--- Supplied data Enclosed Below ---
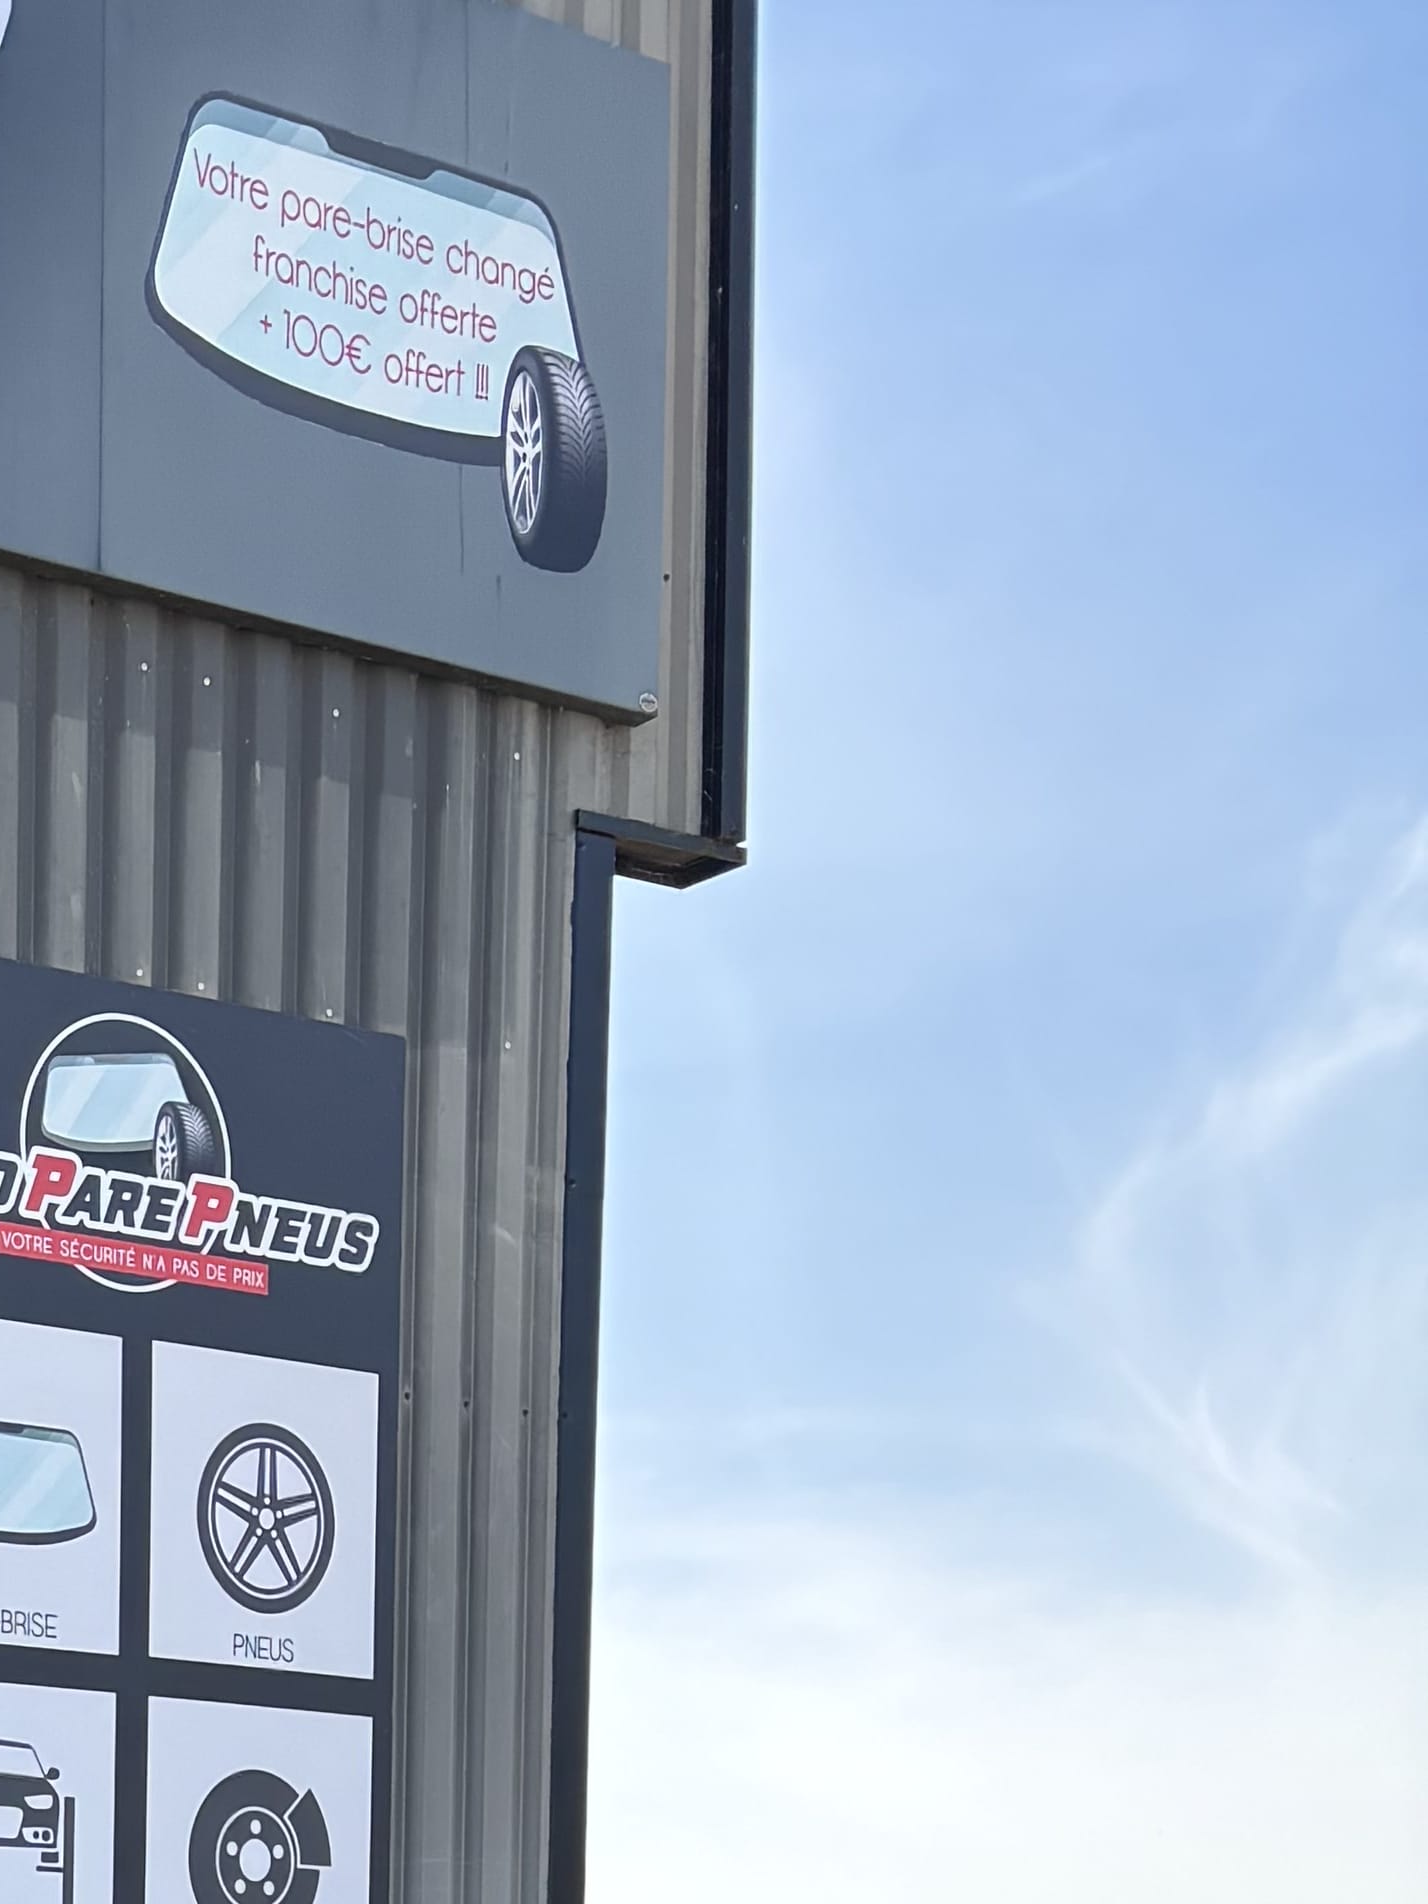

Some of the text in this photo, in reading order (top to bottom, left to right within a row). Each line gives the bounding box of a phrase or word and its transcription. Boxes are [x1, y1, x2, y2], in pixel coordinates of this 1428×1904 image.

[193, 147, 555, 304] Votre pare-brise changé
[253, 235, 497, 343] franchise offerte
[283, 309, 372, 374] 100€
[384, 349, 466, 396] offert
[22, 1150, 182, 1234] PARE
[182, 1177, 377, 1269] PNEUS
[2, 1231, 52, 1254] VOTRE
[60, 1239, 135, 1267] SÉCURITÉ
[173, 1258, 199, 1277] PAS
[206, 1263, 226, 1282] DE
[233, 1268, 264, 1289] PRIX
[233, 1633, 294, 1663] PNEUS
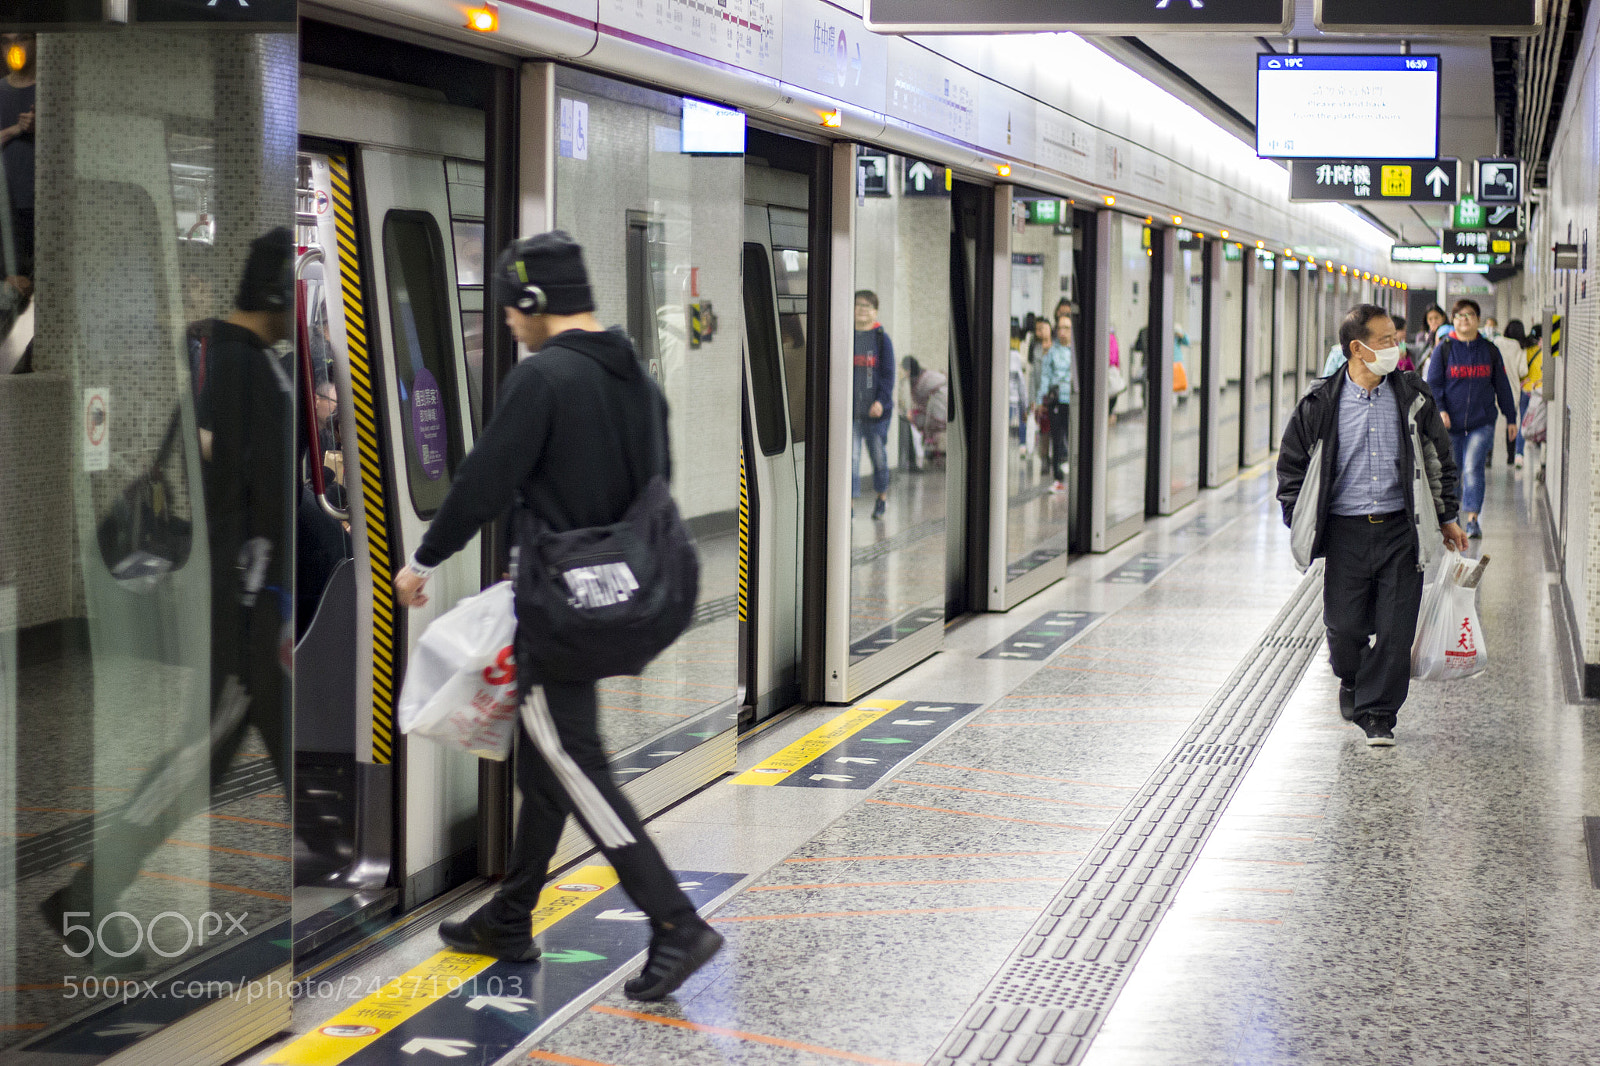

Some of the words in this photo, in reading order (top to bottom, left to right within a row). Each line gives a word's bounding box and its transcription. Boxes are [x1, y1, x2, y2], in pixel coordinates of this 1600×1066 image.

[1405, 60, 1428, 70] 16:59
[1315, 164, 1371, 185] 升降機
[1354, 185, 1371, 196] Lift
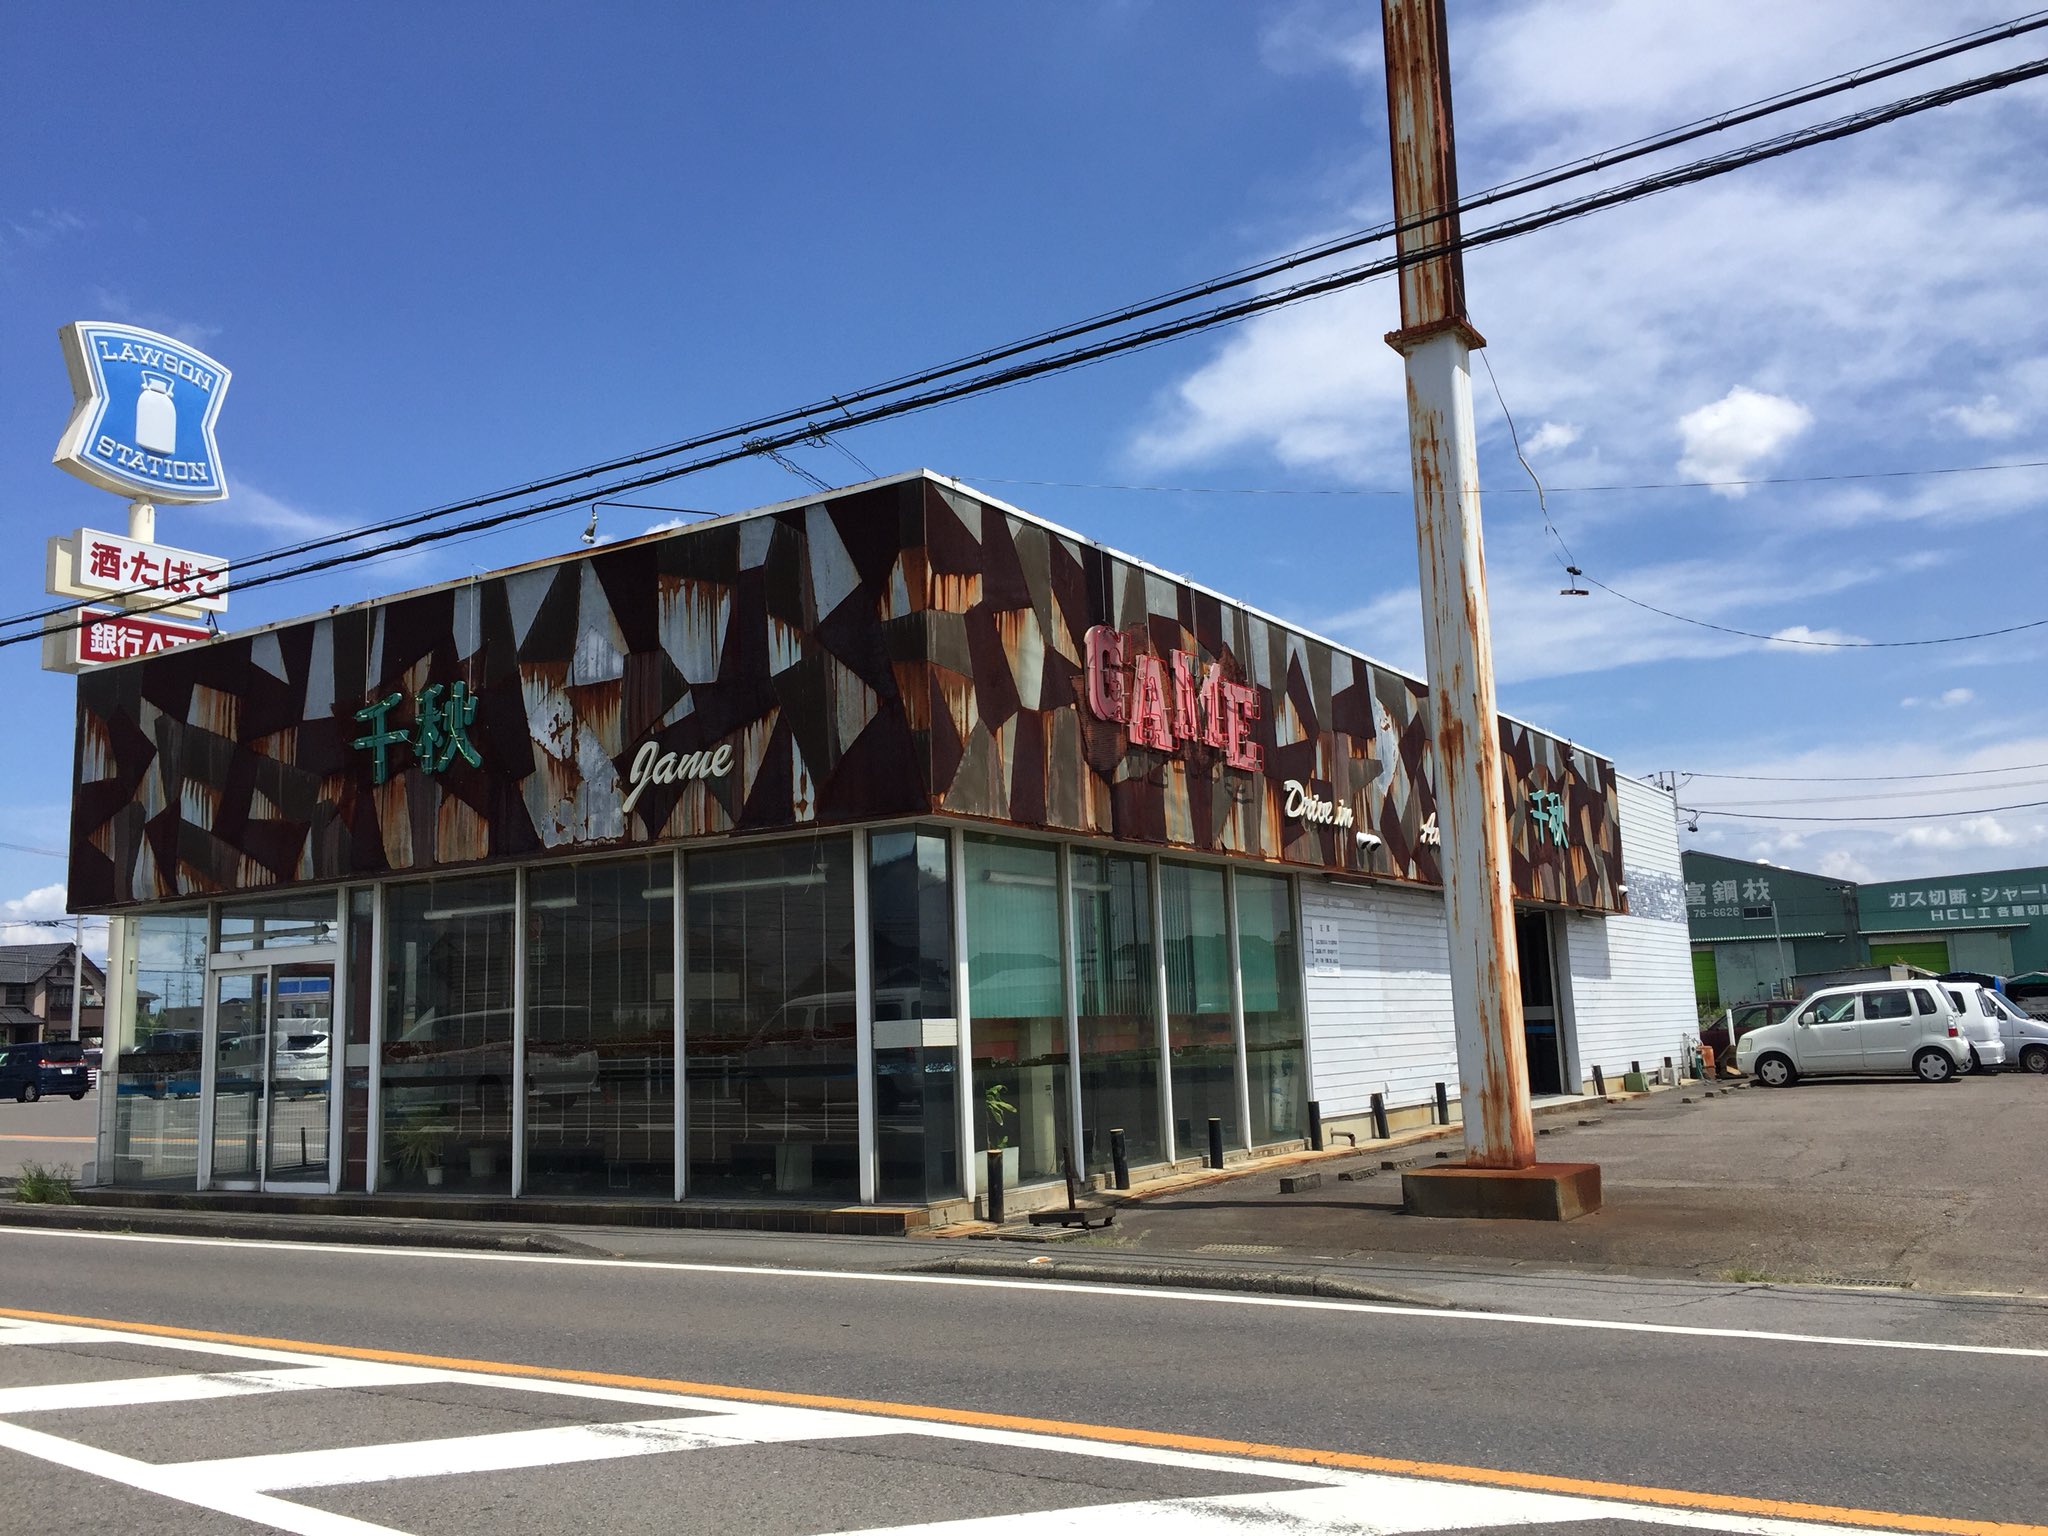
--- End of Enclosed Supplied data ---
▶ **What is required**:
An exact copy of the data is required, with the pictures excluded.

▶ **Result**:
Some of the text in this photo, in reading order (top to bottom, left to right within a row). Each line gives the bounding box of a phrase or word and its transcription. Boxes are [x1, y1, x2, y2], in pixel coordinates of this 1428×1904 image.

[193, 147, 555, 304] Votre pare-brise changé
[253, 235, 497, 343] franchise offerte
[283, 309, 372, 374] 100€
[384, 349, 466, 396] offert
[22, 1150, 182, 1234] PARE
[182, 1177, 377, 1269] PNEUS
[2, 1231, 52, 1254] VOTRE
[60, 1239, 135, 1267] SÉCURITÉ
[173, 1258, 199, 1277] PAS
[206, 1263, 226, 1282] DE
[233, 1268, 264, 1289] PRIX
[233, 1633, 294, 1663] PNEUS

Some of the words in this photo, in reading order (top to bottom, left to right within a row). Each line gives a word's bounding box and its transcription. Boxes are [x1, y1, x2, y2], in pixel coordinates of this 1600×1066 image.

[1405, 60, 1428, 70] 16:59
[1315, 164, 1371, 185] 升降機
[1354, 185, 1371, 196] Lift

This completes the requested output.